The bigger question here is if Sony was planning a physical PS5 reveal event of some kind, is that off the table due to coronavirus? Does the company delay it indefinitely until the danger passes? Do they opt to hold a digital reveal event of some kind instead? How long do they wait to determine what decision to make? When it announced that PlayStation wouldn’t be at E3, Sony said that it would be focusing on “hundreds of consumer events.” Has the current situation with coronavirus upset any of those plans?
It’s hard to even know which question is the right one to ask since we don’t have any insight into how Sony plans to reveal and market the PS5 throughout 2020. If a reveal event crops up in May, was Sony planning it for then all along? Or was it delayed from an earlier date? If we get a digital reveal of PS5 features via a State of Play broadcast, was that always the intended outlet to reveal the PS5, or did it come in place of a canceled physical presentation?
And that brings us to the manufacturing of the console itself, a process that takes place largely in China. With the industry hit pretty hard due to the nexus of the outbreak centering on where the world’s electronics are manufactured, we’ll see a rippling effect even after the outbreak subsides. There are bound to be shortages, cost increases, and other logistical hiccups as the manufacturing industry gets back on its feet.
Right now, it’s too early to know what the impact on PS5 manufacturing will be. Perhaps Sony changes its internal target date, still making “holiday 2020” publicly, but releasing later than first planned. Maybe there will be shortages at launch, making preorders a bigger necessity to make sure you get your hands on a PS5 at launch. Or it’s entirely possible the PS5 gets delayed outright, pushed into the first quarter of 2021 to allow Sony a little bit of breathing room. Some analysts don’t believe that will happen, and that’s admittedly a worst-case scenario, but it’s important to realize that it’s a possibility nonetheless. We’re still in the midst of the coronavirus outbreak, and experts won’t have a better handle on future projections until it subsides further.
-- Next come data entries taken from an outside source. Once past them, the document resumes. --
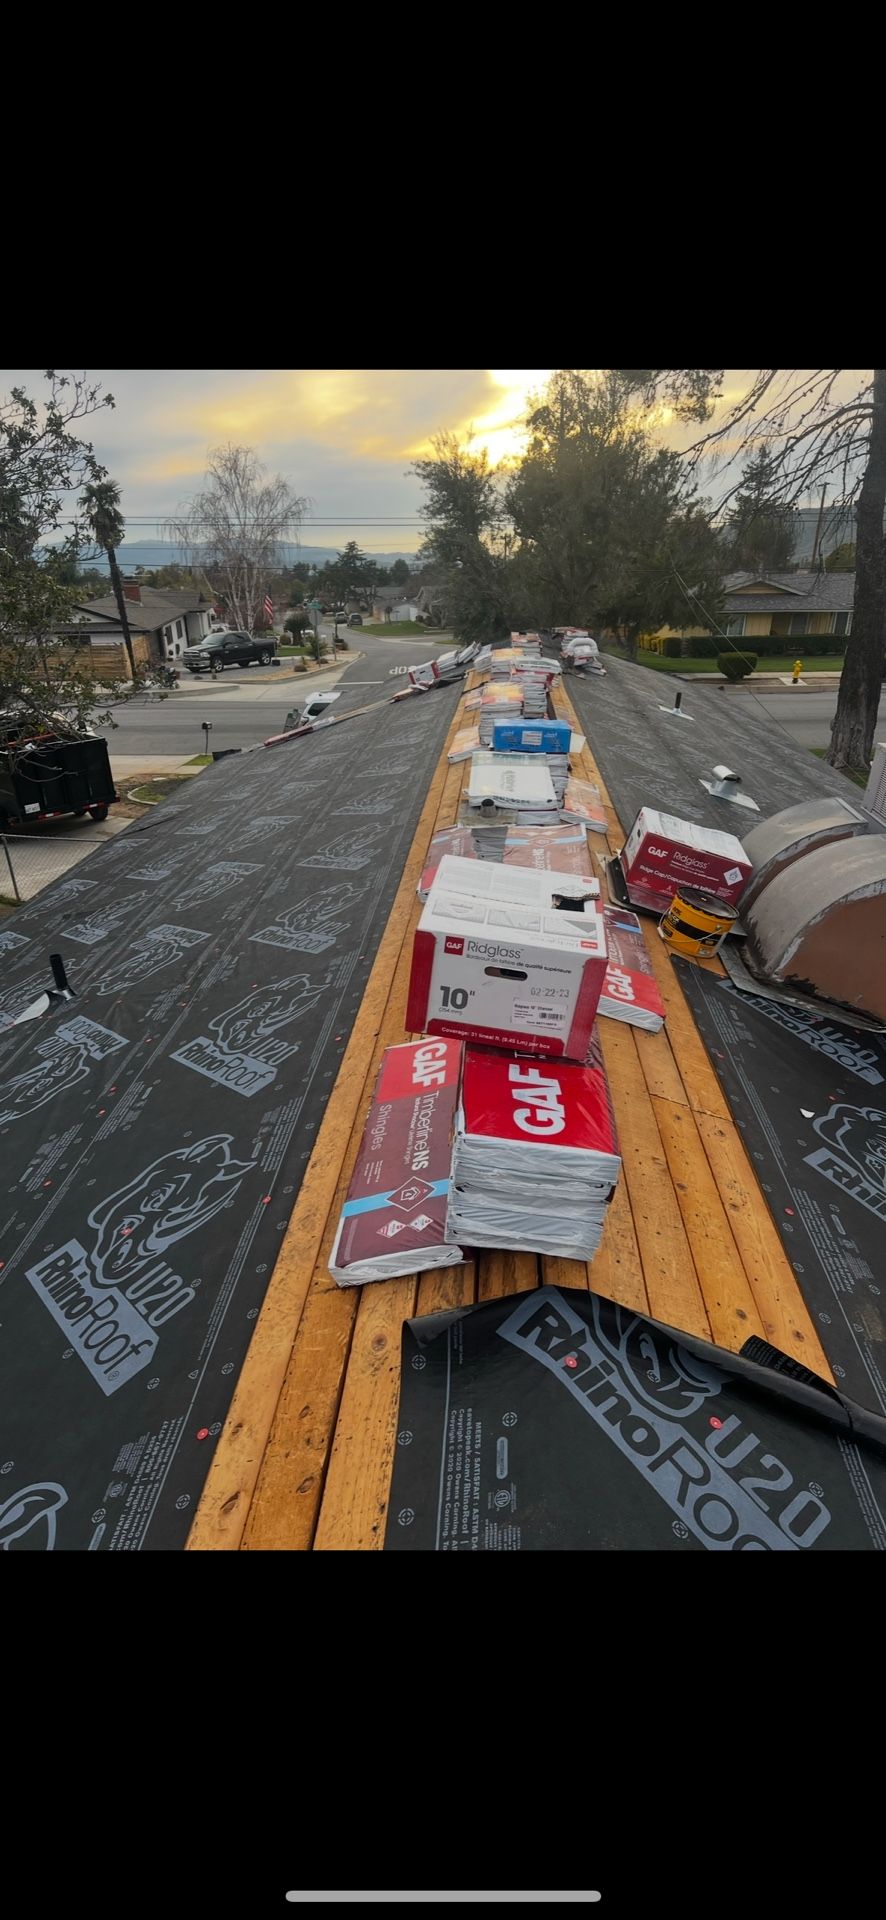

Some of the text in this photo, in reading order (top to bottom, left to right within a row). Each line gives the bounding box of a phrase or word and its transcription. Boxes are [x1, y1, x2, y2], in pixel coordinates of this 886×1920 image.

[648, 847, 709, 869] GAF Ridglass
[446, 941, 463, 949] GAF
[467, 940, 522, 959] Ridglass
[606, 964, 635, 1000] GAF
[441, 1027, 470, 1037] Coverage:
[819, 1027, 879, 1065] U20
[177, 1042, 275, 1090] RhinoRoof
[248, 1037, 300, 1066] U20
[412, 1042, 448, 1087] GAF
[508, 1063, 566, 1136] GAF
[371, 1104, 392, 1151] Shingles
[126, 1261, 196, 1328] U20
[35, 1251, 154, 1375] RhinoRoof
[449, 1410, 457, 1443] Copyright
[457, 1408, 465, 1442] Copyright
[445, 1474, 453, 1501] Owens
[454, 1473, 462, 1500] Owens
[704, 1414, 832, 1548] U20
[451, 1502, 460, 1538] Corning.
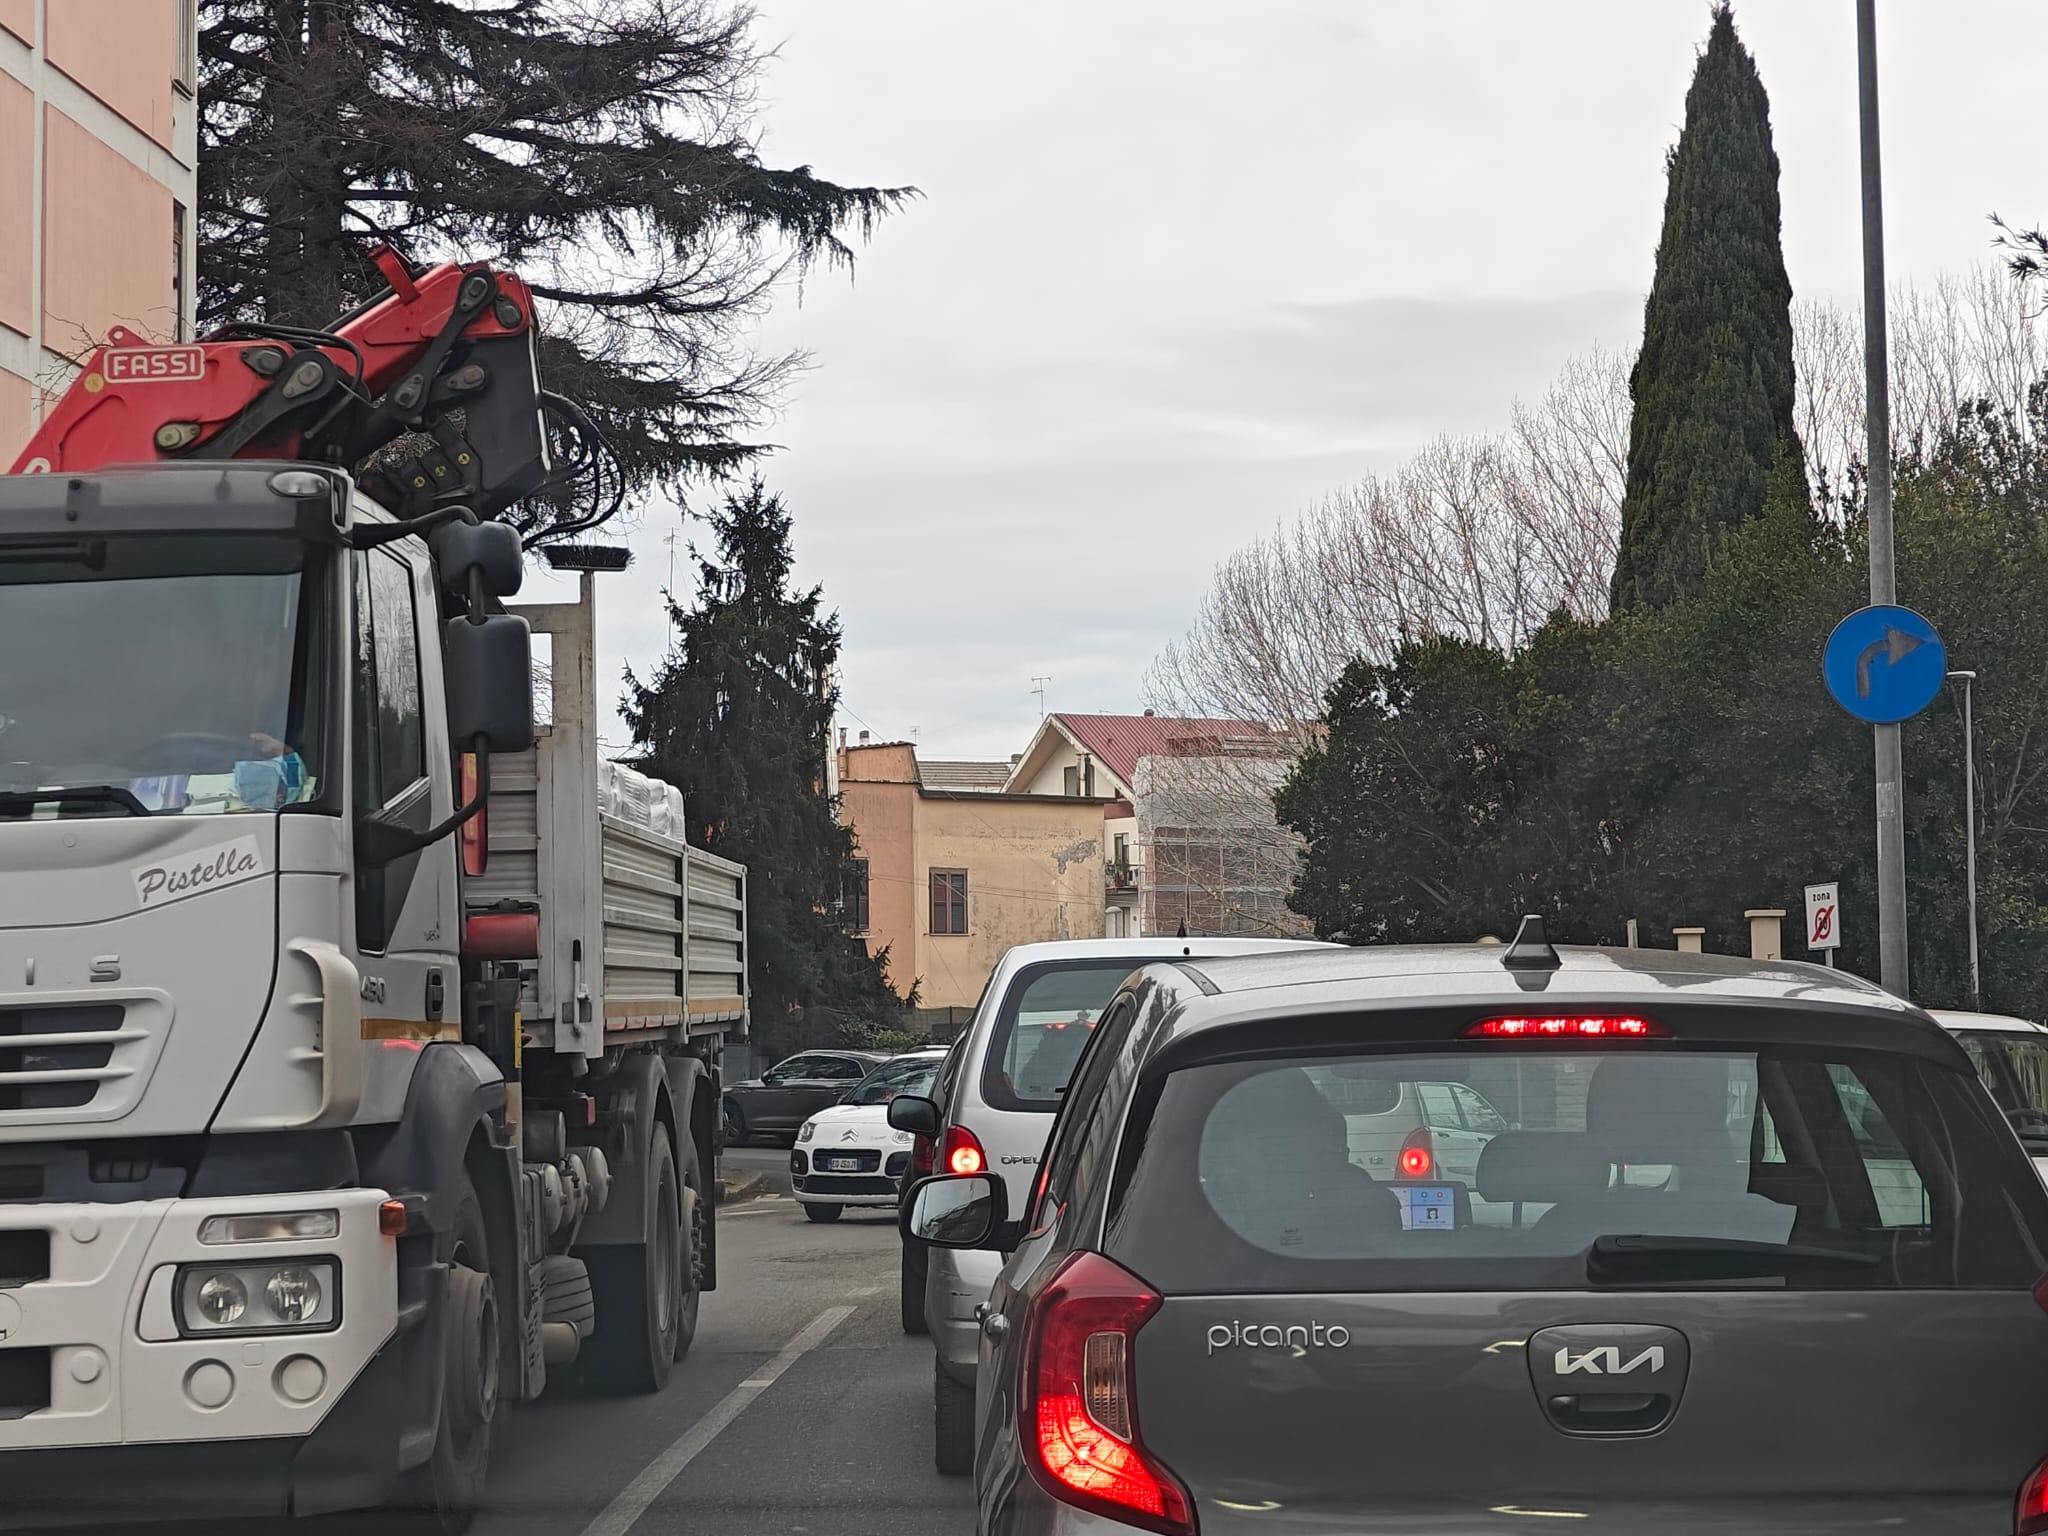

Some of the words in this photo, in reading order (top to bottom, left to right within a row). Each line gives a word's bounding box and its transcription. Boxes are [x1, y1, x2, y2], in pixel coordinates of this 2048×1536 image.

[113, 353, 196, 376] FASSI
[138, 848, 257, 903] Pistella
[1812, 892, 1831, 902] zona
[1001, 1155, 1041, 1165] OPEL
[1207, 1320, 1350, 1356] picanto
[1555, 1346, 1664, 1374] KIA
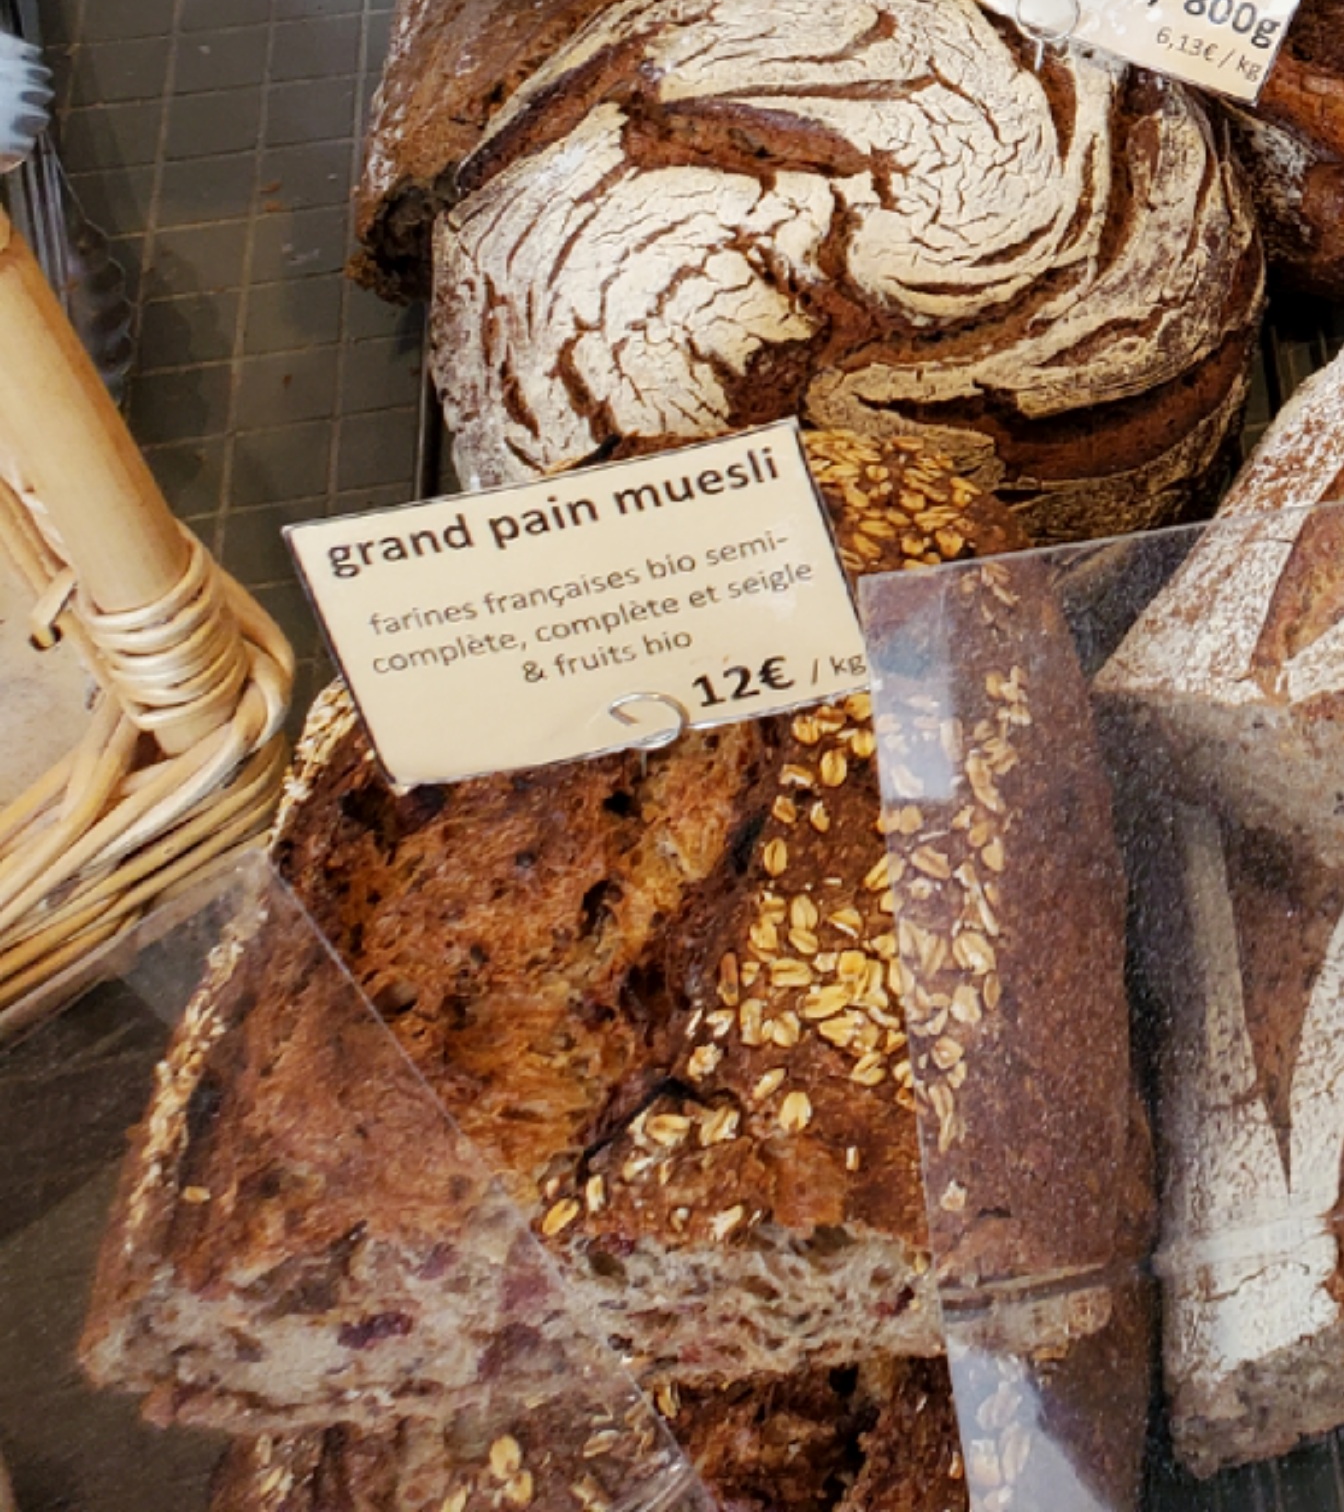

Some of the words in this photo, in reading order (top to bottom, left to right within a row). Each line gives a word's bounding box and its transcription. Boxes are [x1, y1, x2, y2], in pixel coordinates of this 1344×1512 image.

[1156, 25, 1217, 66] 6,13€
[1237, 54, 1261, 81] kg
[328, 512, 474, 579] grand
[488, 493, 600, 550] pain
[613, 447, 780, 516] muesli
[370, 600, 478, 637] farines
[484, 566, 641, 618] françaises
[646, 551, 697, 581] bio
[706, 533, 789, 567] semi-
[372, 630, 527, 676] complète,
[534, 595, 680, 645] complète
[689, 585, 721, 610] et
[728, 563, 813, 599] seigle
[521, 659, 549, 685] &
[554, 644, 637, 679] fruits
[645, 626, 694, 656] bio
[691, 654, 795, 709] 12€
[829, 653, 867, 677] kg
Coronavirus is still too unpredictable, and even in a year when Sony is preparing to launch its next-generation console, it’s taking an abundance of caution in the interest of keeping its people healthy and safe. While we know for sure about PAX East and GDC plans changing—including The Last of Us Part II’s first public playable demo being canceled—there are undoubtedly many internal plans that are being reevaluated as Sony maps its road through 2020 to the PS5 release date.